What Is The 60/40 Trailer Rule?

When it comes to safely towing a trailer, the way you load it is just as important as how much weight you're pulling. If you've ever felt your trailer start to wiggle at highway speeds or noticed the steering feel strangely light, you have likely brushed up against the limits of proper weight distribution.

The 60/40 trailer rule addresses just that: It is a simple guideline that says roughly 60% of the cargo weight should sit in the front half of the trailer, closer to the tongue, while the remaining 40% should sit farther back. That forward bias helps keep enough downward pressure on the hitch so the trailer follows the tow vehicle rather than swinging around behind it.

This distribution prevents the trailer from becoming too tail-heavy or too nose-heavy. A trailer that is too light at the tongue can feel normal to drive initially, but quickly become unstable once you hit highway speeds. Other factors, such as gusts of wind (including from passing vehicles), uneven pavement, or sharp turns, can also cause dangerous trailer sway. Too much weight behind the axle can turn that first wiggle into violent swaying, and the driver can end up fighting the trailer instead of controlling it. Once your trailer starts swaying, it becomes a safety hazard not only for you and your passengers but for every car around you. Of course, the 60/40 rule is not the only thing that matters, but it is the first one to get right.

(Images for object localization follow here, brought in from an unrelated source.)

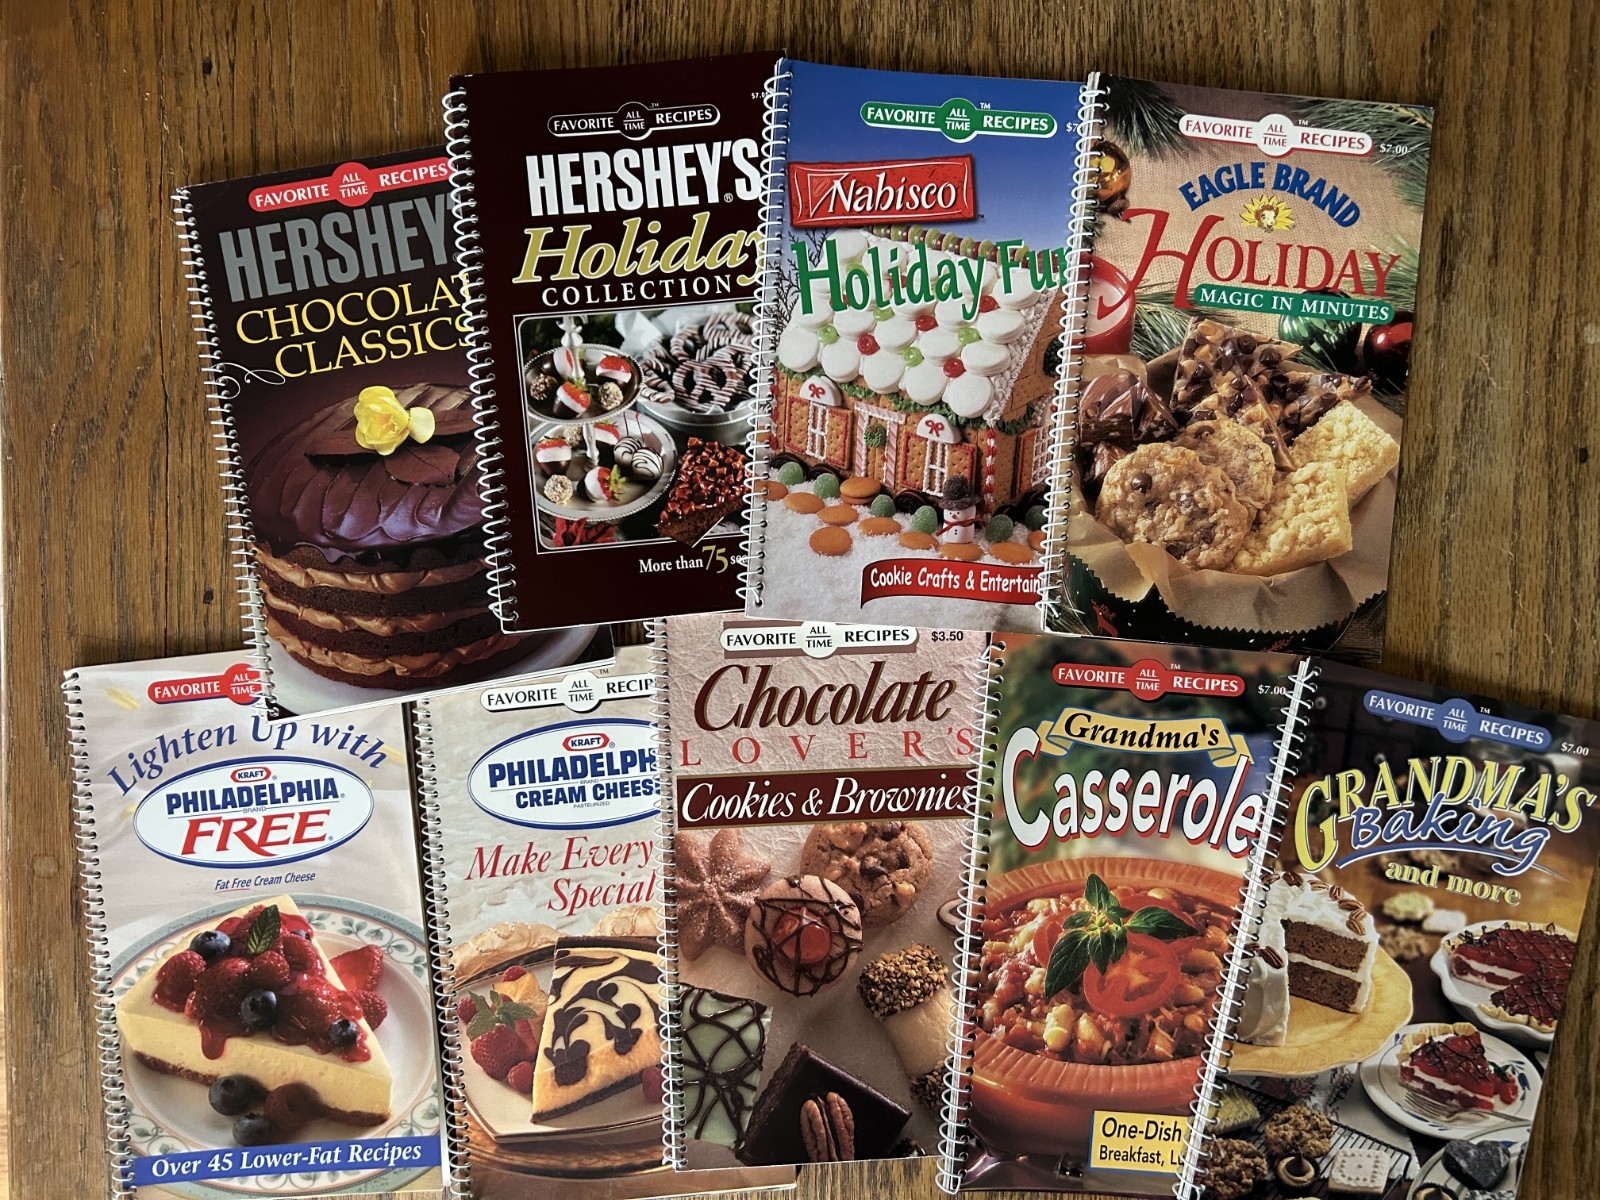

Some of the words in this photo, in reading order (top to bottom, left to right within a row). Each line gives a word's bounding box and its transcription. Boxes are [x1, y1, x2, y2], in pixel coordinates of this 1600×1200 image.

[626, 110, 641, 119] ALL
[655, 109, 712, 124] RECIPES
[866, 107, 935, 125] FAVORITE
[950, 108, 967, 117] ALL
[553, 117, 614, 132] FAVORITE
[623, 121, 645, 131] TIME
[945, 121, 970, 131] TIME
[983, 115, 1049, 132] RECIPES
[1185, 119, 1253, 139] FAVORITE
[1267, 123, 1285, 133] ALL
[1262, 136, 1287, 147] TIME
[1300, 133, 1365, 150] RECIPES
[1379, 143, 1408, 155] $7.00
[342, 172, 361, 184] ALL
[379, 163, 448, 187] RECIPES
[525, 138, 762, 216] HERSHEY'S
[255, 183, 330, 208] FAVORITE
[339, 185, 369, 199] TIME
[828, 171, 956, 213] Nabisco
[1178, 161, 1267, 211] EAGLE
[1272, 162, 1361, 228] BRAND
[219, 193, 461, 303] HERSHEY'
[512, 211, 765, 287] Holiday
[1096, 208, 1400, 320] HOLIDAY
[791, 239, 987, 321] Holiday
[541, 274, 732, 307] COLLECTION
[1200, 288, 1264, 309] MAGIC
[1271, 294, 1293, 311] IN
[1301, 297, 1389, 321] MINUTES
[275, 313, 475, 378] CLASSICS
[639, 558, 673, 573] More
[676, 555, 704, 570] than
[702, 545, 728, 574] 75
[870, 565, 912, 588] Cookie
[917, 567, 960, 590] Crafts
[965, 570, 975, 591] &
[726, 632, 797, 647] FAVORITE
[810, 626, 827, 635] ALL
[844, 630, 910, 643] RECIPES
[931, 631, 964, 643] $3.50
[805, 638, 833, 649] TIME
[234, 673, 250, 682] ALL
[1058, 668, 1125, 684] FAVORITE
[1140, 668, 1157, 678] ALL
[154, 681, 221, 698] FAVORITE
[231, 685, 255, 695] TIME
[571, 680, 589, 689] ALL
[606, 678, 656, 694] RECIP
[1135, 681, 1160, 692] TIME
[1173, 676, 1238, 692] RECIPES
[1258, 684, 1286, 695] $7.00
[487, 687, 558, 706] FAVORITE
[568, 692, 594, 702] TIME
[694, 660, 957, 732] Chocolate
[1369, 695, 1435, 721] FAVORITE
[1448, 707, 1465, 719] ALL
[1064, 712, 1220, 749] Grandma's
[1443, 720, 1468, 733] TIME
[1479, 720, 1544, 745] RECIPES
[570, 737, 602, 747] KRAFT
[680, 727, 974, 767] LOVER'S
[1560, 742, 1590, 756] $7.00
[107, 723, 237, 796] Lighten
[251, 715, 298, 750] Up
[311, 724, 387, 769] with
[237, 770, 264, 779] KRAFT
[166, 777, 339, 815] PHILADELPHIA
[515, 783, 587, 809] CREAM
[681, 780, 796, 823] Cookies
[801, 788, 823, 817] &
[827, 773, 971, 816] Brownies
[1002, 726, 1262, 857] Casserole
[1294, 755, 1598, 873] GRANDMA'S
[181, 809, 331, 857] FREE
[1351, 791, 1550, 877] Baking
[464, 841, 551, 881] Make
[560, 835, 654, 872] Every
[215, 879, 230, 890] Fat
[231, 878, 251, 889] Free
[254, 875, 282, 887] Cream
[285, 872, 316, 884] Cheese
[1385, 860, 1441, 889] and
[1445, 873, 1522, 906] more
[547, 870, 656, 916] Special
[1102, 1117, 1182, 1142] One-Dish
[152, 1158, 202, 1178] Over
[207, 1153, 233, 1172] 45
[240, 1146, 342, 1170] Lower-Fat
[347, 1142, 422, 1167] Recipes
[1099, 1144, 1165, 1167] Breakfast,

The 60/40 rule is only the first step

The 60/40 rule gets the trailer loaded the right way, but it doesn't mean you can keep stacking weight toward the front until the trailer stops moving around. A conventional trailer still needs adequate tongue weight, with around 10% to 15% of the trailer's loaded weight sitting on the hitch. The catch is that tongue weight counts toward what your tow vehicle is carrying, including passengers, tools, coolers, or anything else sitting inside the vehicle. Thus, tongue weight can push a vehicle past its GVWR or GAWR faster than many people expect.

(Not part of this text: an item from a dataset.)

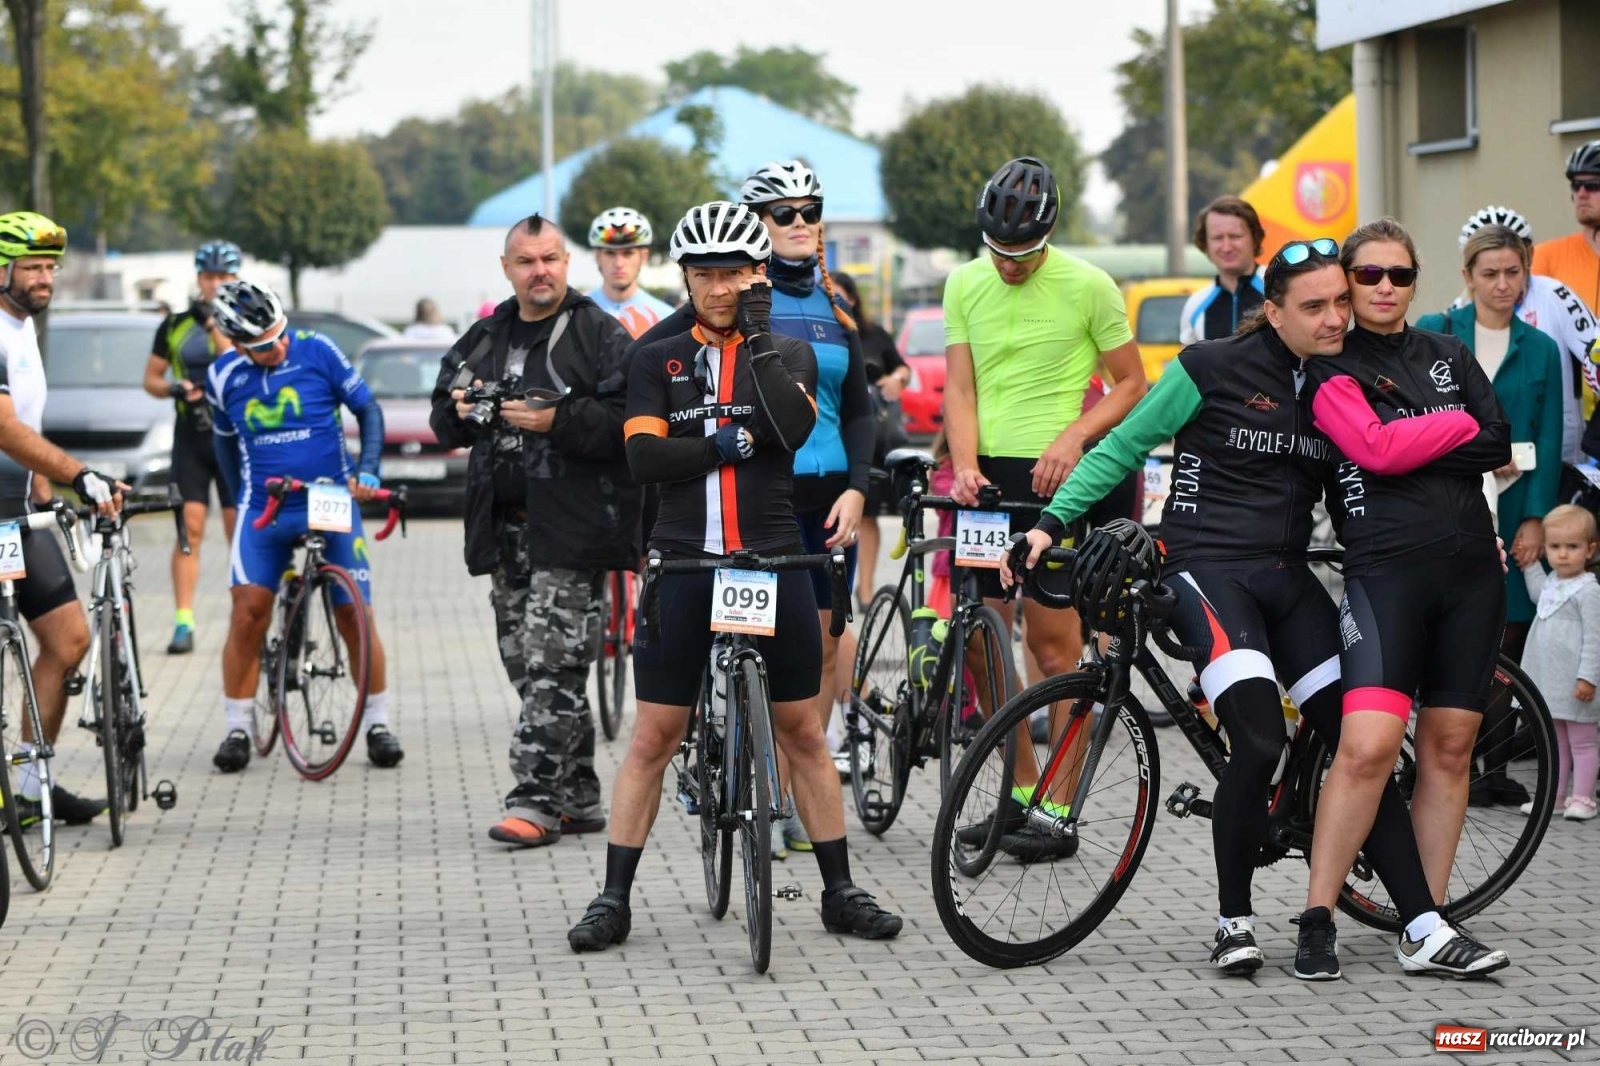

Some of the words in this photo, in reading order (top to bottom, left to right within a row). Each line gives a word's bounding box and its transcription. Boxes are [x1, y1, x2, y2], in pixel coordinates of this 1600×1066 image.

GVWR (gross vehicle weight rating) tells you how much total weight the vehicle can carry, while GAWR (gross axle weight rating) breaks that limit down by axle. If the trailer's tongue weight, passengers, cargo, and hitch hardware push either number too far, even a perfect 60/40 trailer won't save the setup. That is why simply moving more cargo forward is not always the answer. A front-heavy trailer can feel more planted, but too much hitch load can make the tow vehicle squat, strain its rear suspension, lighten the steering, and reduce braking control.

Even if there are no problems at the start, there is also the possibility of cargo shifting mid-trip and undoing your 60/40 balance. That is why you should place heavy items low and further forward to preserve the 60/40 split, balance the cargo side-to-side, and secure everything tightly so that it doesn't slide around once you hit the road.